The Cost Function in Linear Regression Learning Problems: Squared Error
Before we jump into cost function, let’s turn over a new leaf in visual examples. Instead of our SEO example, let’s look at a problem that could be more linear-friendly. Below, let’s assume we have some data on a customer’s lifetime value plotted against the number of marketing touchpoints they’ve interacted with.
Okay, with the housekeeping complete, let’s remember our goal for linear regression: find the line of best fit.
Let’s also tie this back to the real world. Perhaps we’re a marketing director or VP of marketing needing to convey the ideal number of marketing touchpoints to the CMO and CEO. Doing so could help guide budgeting, channel mix, and planning questions.
How do we find a line of best fit?
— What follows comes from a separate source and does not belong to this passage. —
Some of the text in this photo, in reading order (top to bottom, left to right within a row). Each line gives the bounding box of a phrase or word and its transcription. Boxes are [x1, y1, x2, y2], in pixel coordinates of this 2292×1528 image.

Through linear algebra and programming, we can objectively determine the best fit by testing hypotheses and measure each hypothesis line against the actual data points for closeness of fit.
Being frank, the material up to this point is pretty humdrum. However, when we start making hypotheses such as the above, things get interesting. The program “makes a guess” as to the line of best fit, perhaps like the illustration above. I’m no “eggspert”, but that doesn’t look like a great line of fit.
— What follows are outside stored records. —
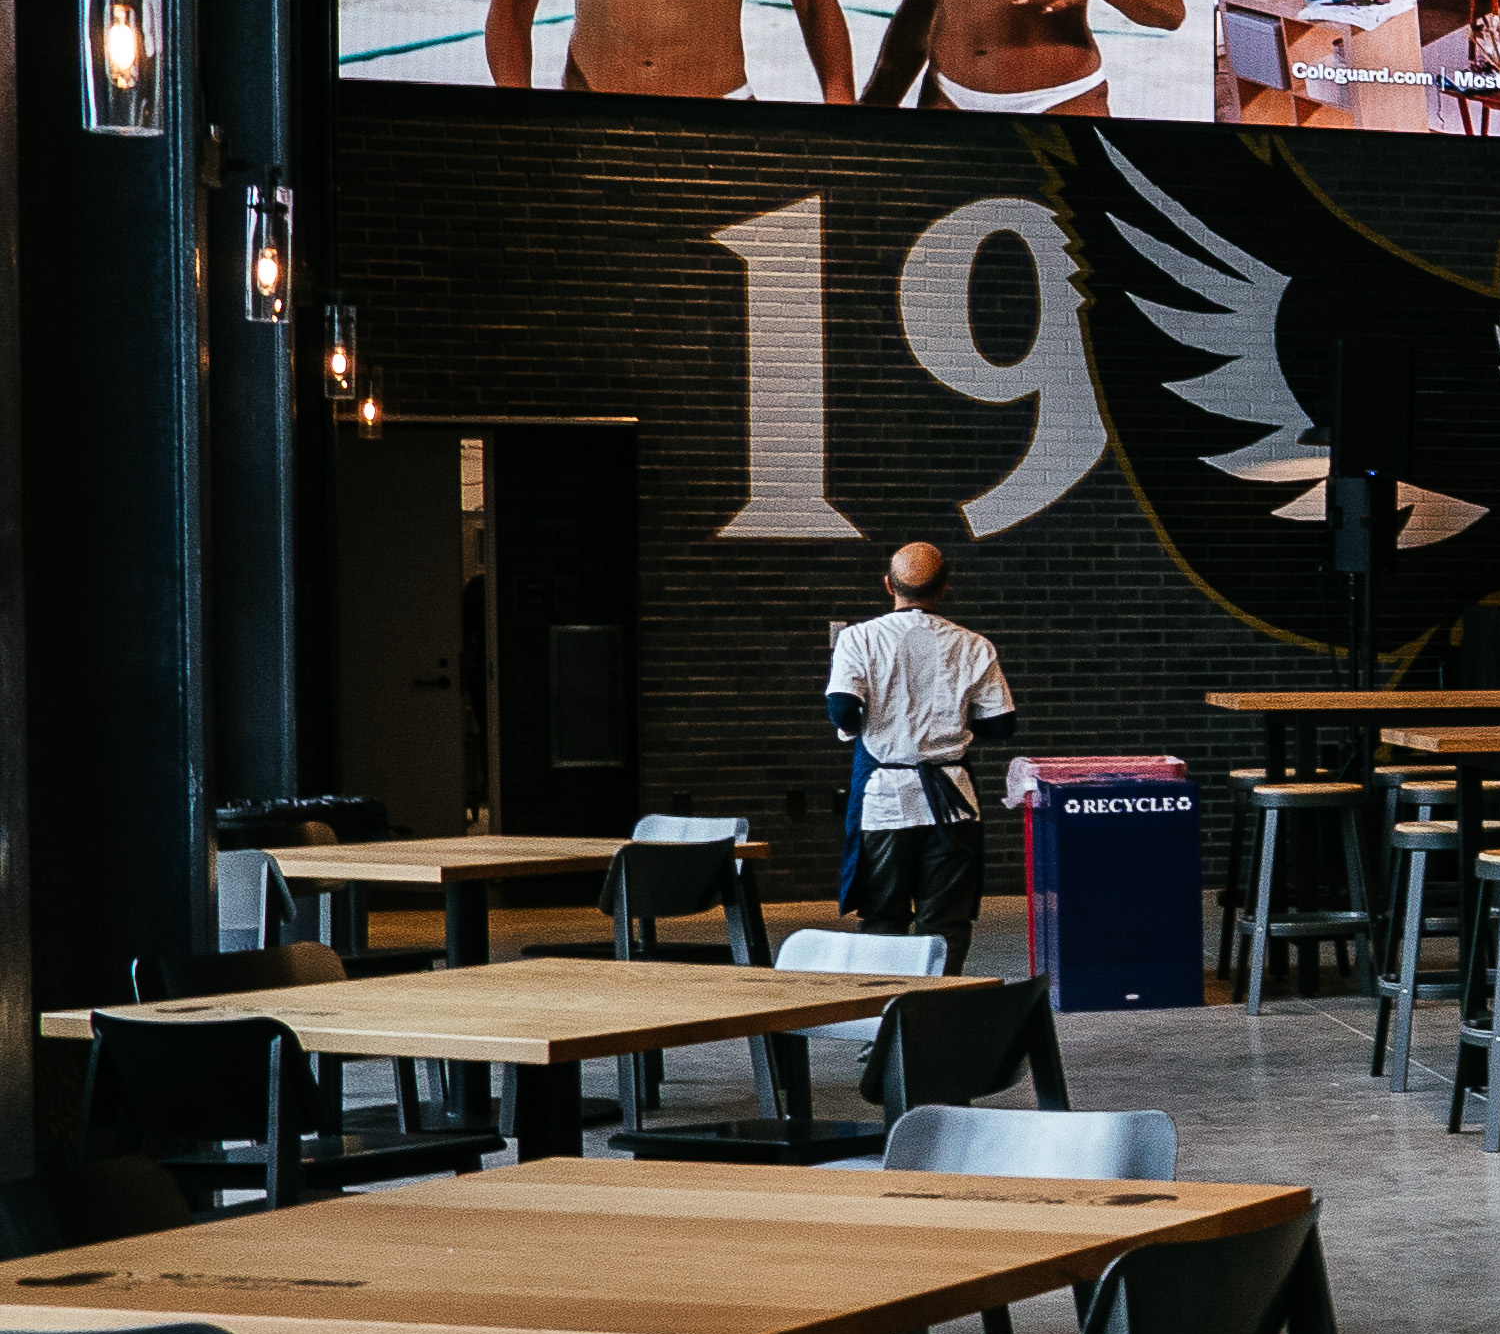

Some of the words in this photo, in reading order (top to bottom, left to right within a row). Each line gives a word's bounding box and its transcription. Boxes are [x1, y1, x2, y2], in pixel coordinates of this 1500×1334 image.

[1291, 62, 1434, 86] Cologuard.com
[712, 193, 1112, 541] 19
[1082, 796, 1175, 815] RECYCLE
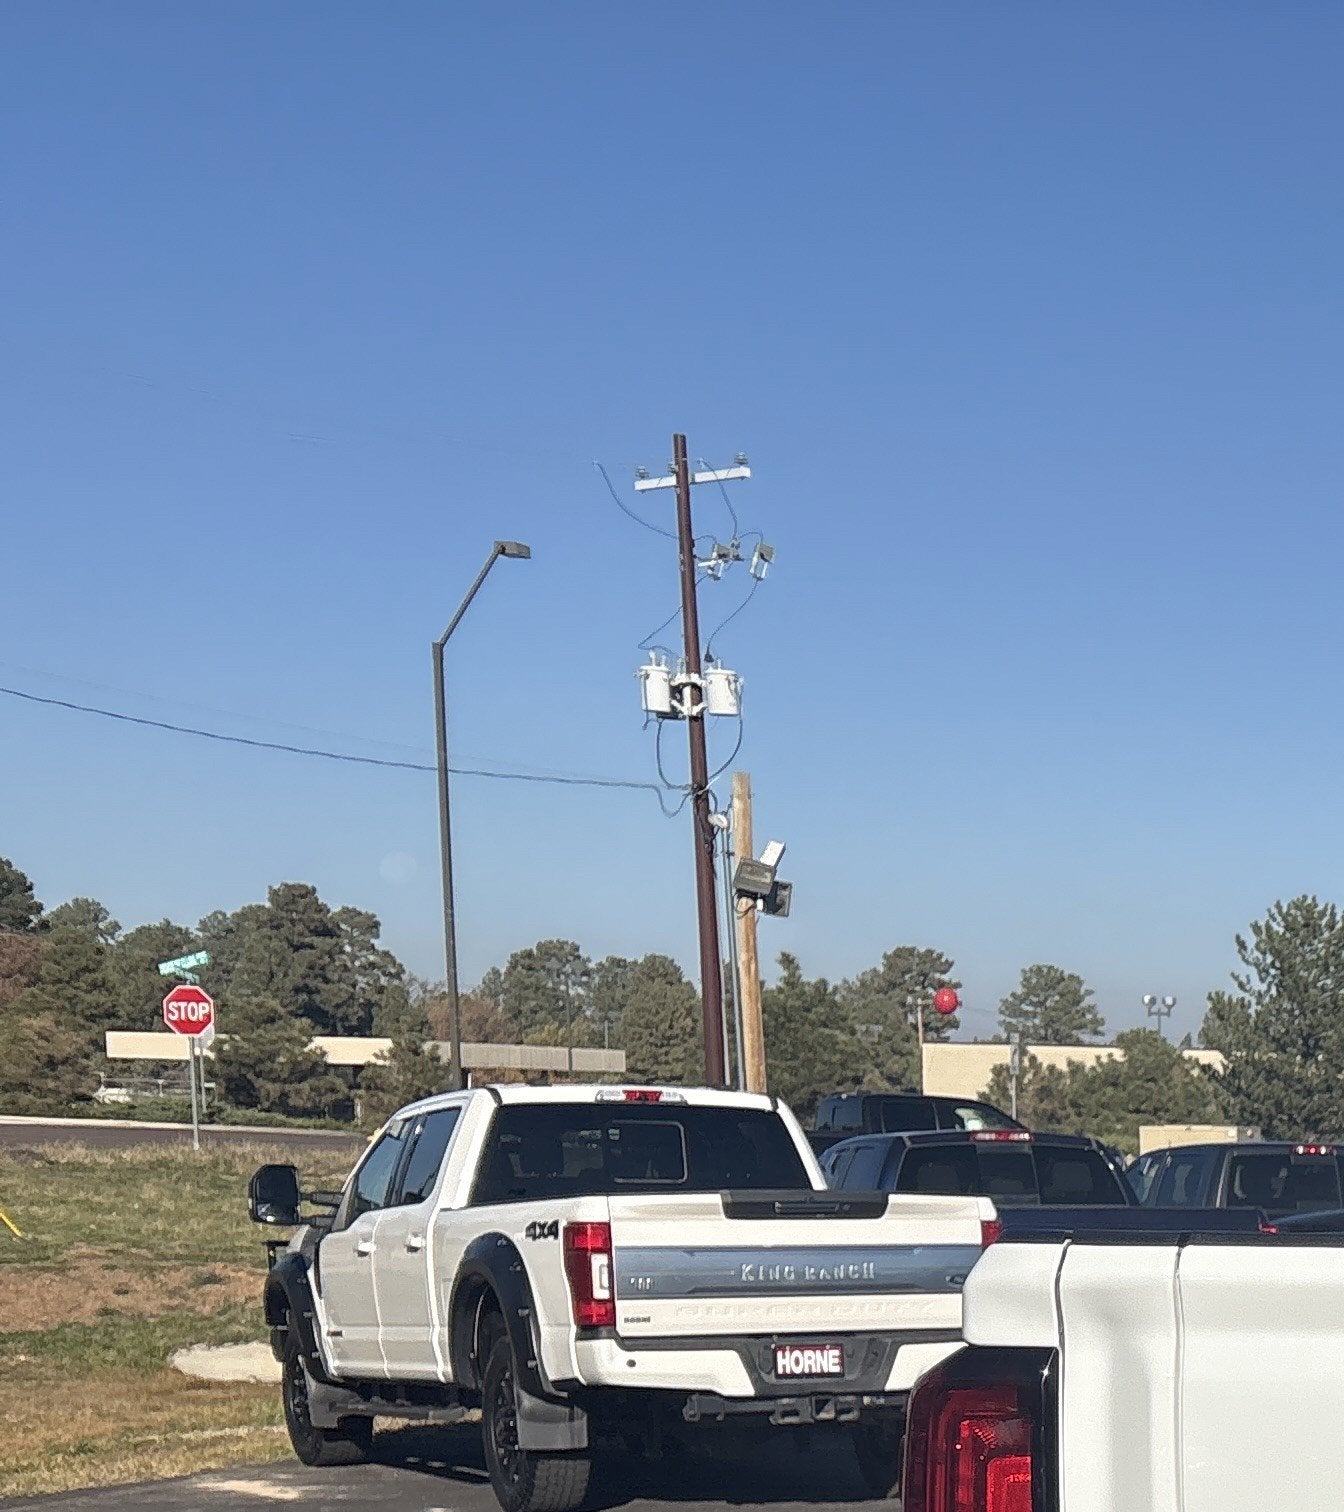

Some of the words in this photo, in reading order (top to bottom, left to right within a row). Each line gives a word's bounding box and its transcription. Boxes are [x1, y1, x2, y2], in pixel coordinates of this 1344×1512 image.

[167, 1001, 210, 1021] STOP
[741, 1263, 795, 1281] KING
[805, 1262, 875, 1280] RANCH
[776, 1349, 842, 1375] HORNE
But have no fear dear reader, math/science comes to the rescue. The next portion of the algorithm calculates the distance (cost function / squared error) from the training data to the predicted line of best fit in a process called squared error function. When you plot the hypothesis against the squared error sum, you may get a distribution something like the below.
Bare with me. Let’s say we plotted:
- Our illustrated hypothesis (teal plus sign)
- Other attempted hypotheses (tan x’s), and,
- The best fit hypothesis (green outlined star)
This renders a convex parabolic distribution. To get the line of best fit, we want to get as low on the X axis as possible. (Known as the global minimum.) The further magic in machine learning is how we move from a lame hypothesis (teal plus sign) to solution (green outlined star). Now, meet a technique called gradient descent. Sidebar: if we’re being more mathematical and technical about it, this really plots to a 3D conic distribution, but the above explanation should suffice for now if we’re not getting bogged down in the math.
Parameter Learning & Gradient Descent
Gradient descent is the iterative mathematical process of working our way down the squared error plot from a lousy hypothesis to a line of best fit. Again, we’re not delving into calculations and derivatives – there’s a TON of math that goes behind this material.
Gradient descent systematically tests increments of hypotheses against a specified learning rate. The learning rate is essentially the magnitude or speed with which you which try to move along the convex function down to zero.
Did I mention this is one of the toughest posts for me to date? The other contender is my DIY Alexa Raspberry Pi article. It’s now 3:20 a.m. on a Saturday night/Sunday morning as I type this conclusion. (Insert horror emoji.)
So, if we were to break down all of the above into a short bulleted list:
- Univariate linear regression takes sample data to make a line of best fit
- “Best fit” is objectively measured by a squared error function, or the summed distances of the hypothesis line from the actual data points
- The hypothesis and squared error function plot roughly a convex parabolic graph
- Gradient descent is an algorithm that systematically reduces the squared error hypothesis, guided in part by the learning rate
- The gradient descent iteratively seeks the global minimum on the convex function, AKA the line of best fit
- The line of best fit is determined, (and Teh Lurd of Teh Rings finishes on your second monitor to Herb Alpert’s Spanish Flea.)
Next up, we’ll be installing some machine learning software (Matlab & Octave) and diving into multivariate regression. Look after each other.